M1 - DBS Research 2016-07-18: Non-cash items hurt bottom line, solid cash generation M1 LIMITED B2F.SI 

M1 - Non-cash items hurt bottom line, solid cash generation

  • 2Q16 net profit of S$ 41.0m (-13% y-o-y, -7% q-o-q) was 3% below our expectations; 1H16 dividend of 7 Scts (flat % y-o-y) was inline.
  • Adverse impact is non-cash in nature due to Fair Value accounting for iPhone sales; excluding this issue, net profit would have been up 15% y-o-y.
  • Management revised down the net profit guidance from stable to a single digit decline.
  • Maintain BUY with unchanged TP of S$ 3.30.

Revenue hit by lower handset sales and service revenue. 

  • 2Q16 revenue of S$ 240.4m (-13% y-o-y, - 7% q-o-q) was adversely impacted by lower handset sales. The drop in mobile and IDD revenues also hurt top line. However, fixed segment continued to show strong growth with +27% y-o-y growth.

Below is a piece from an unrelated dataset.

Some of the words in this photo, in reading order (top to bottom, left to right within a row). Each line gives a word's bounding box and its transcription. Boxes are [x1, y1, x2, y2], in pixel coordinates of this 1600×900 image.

Profit impacted by non-cash items. 

  • Accrued handset revenue decreased ~S$ 12m in 2Q16 to S$74 m from S$86m in 1Q16 due to lower iPhone sales. 
  • As M1 uses Fair Value Accounting for iPhone sales, this had an adverse impact on revenue and profits. However, this impact is non-cash in nature as reflected in higher free cash flow of S$50.3m (+60% y-o-y). 
  • Excluding this impact, we estimate that M1 would have reported S$51m earnings (+15% y-o-y)

Lower guidance for FY16. 

  • M1 is seeing higher depreciation and amortization due to the expanded fixed asset base relating to M1’s fibre roll out and investments in digital services. 
  • Management has downgraded its guidance from stable net profits to a single digit decline in FY16, which we attribute to lower iPhone sales potentially resulting in higher non- cash impact on revenue. 
  • We have revised down our estimates for FY16F/FY17F by 3%/3% accordingly.

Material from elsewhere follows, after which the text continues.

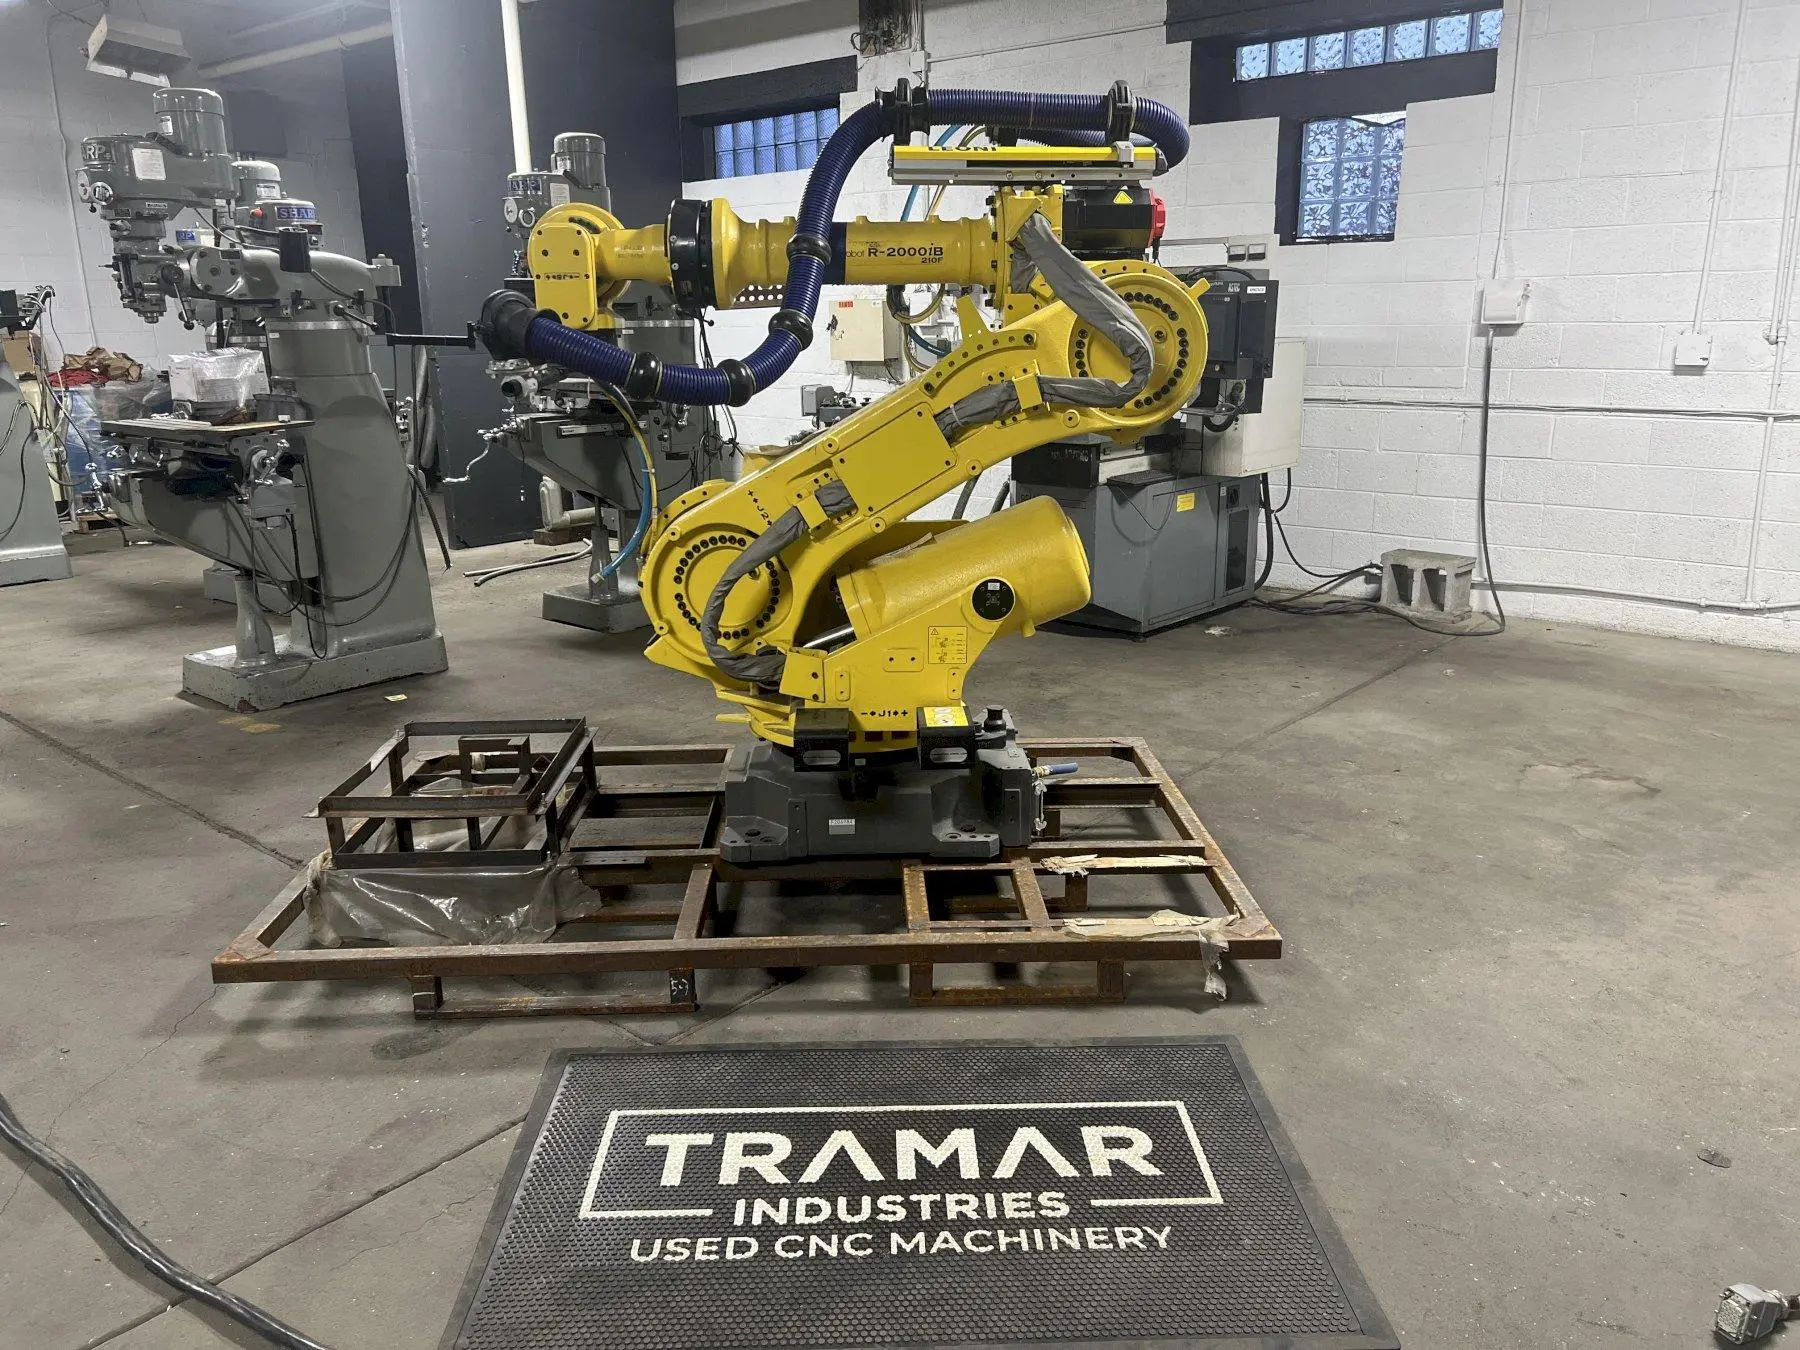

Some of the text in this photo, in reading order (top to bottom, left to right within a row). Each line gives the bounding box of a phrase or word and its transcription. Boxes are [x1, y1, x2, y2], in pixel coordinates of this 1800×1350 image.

[868, 243, 944, 257] R-2000iB
[644, 1125, 1165, 1187] TRAMAR
[733, 1191, 1071, 1236] INDUSTRIES
[630, 1225, 1173, 1263] USED CNC MACHINERY

Probability of a new entrant is low. 

  • We see a low probability of a new mobile entrant, as interested players face difficulty in raising sufficient funds. Three key factors discourage the entry of a new player: 
    1. The lack of a domestic roaming agreement in Singapore, as we are not aware of any success story globally without roaming in place; 
    2. Incumbents showing their willingness to defend their subscriber bases even at the cost of future profitability, by cutting data prices sharply and 
    3. Potential launch of 5G in 4- 5 years will lead to another round of capex, making balance sheet strength even more critical. However, the time line for spectrum auction has been forwarded to 4Q16 from 3Q16 earlier.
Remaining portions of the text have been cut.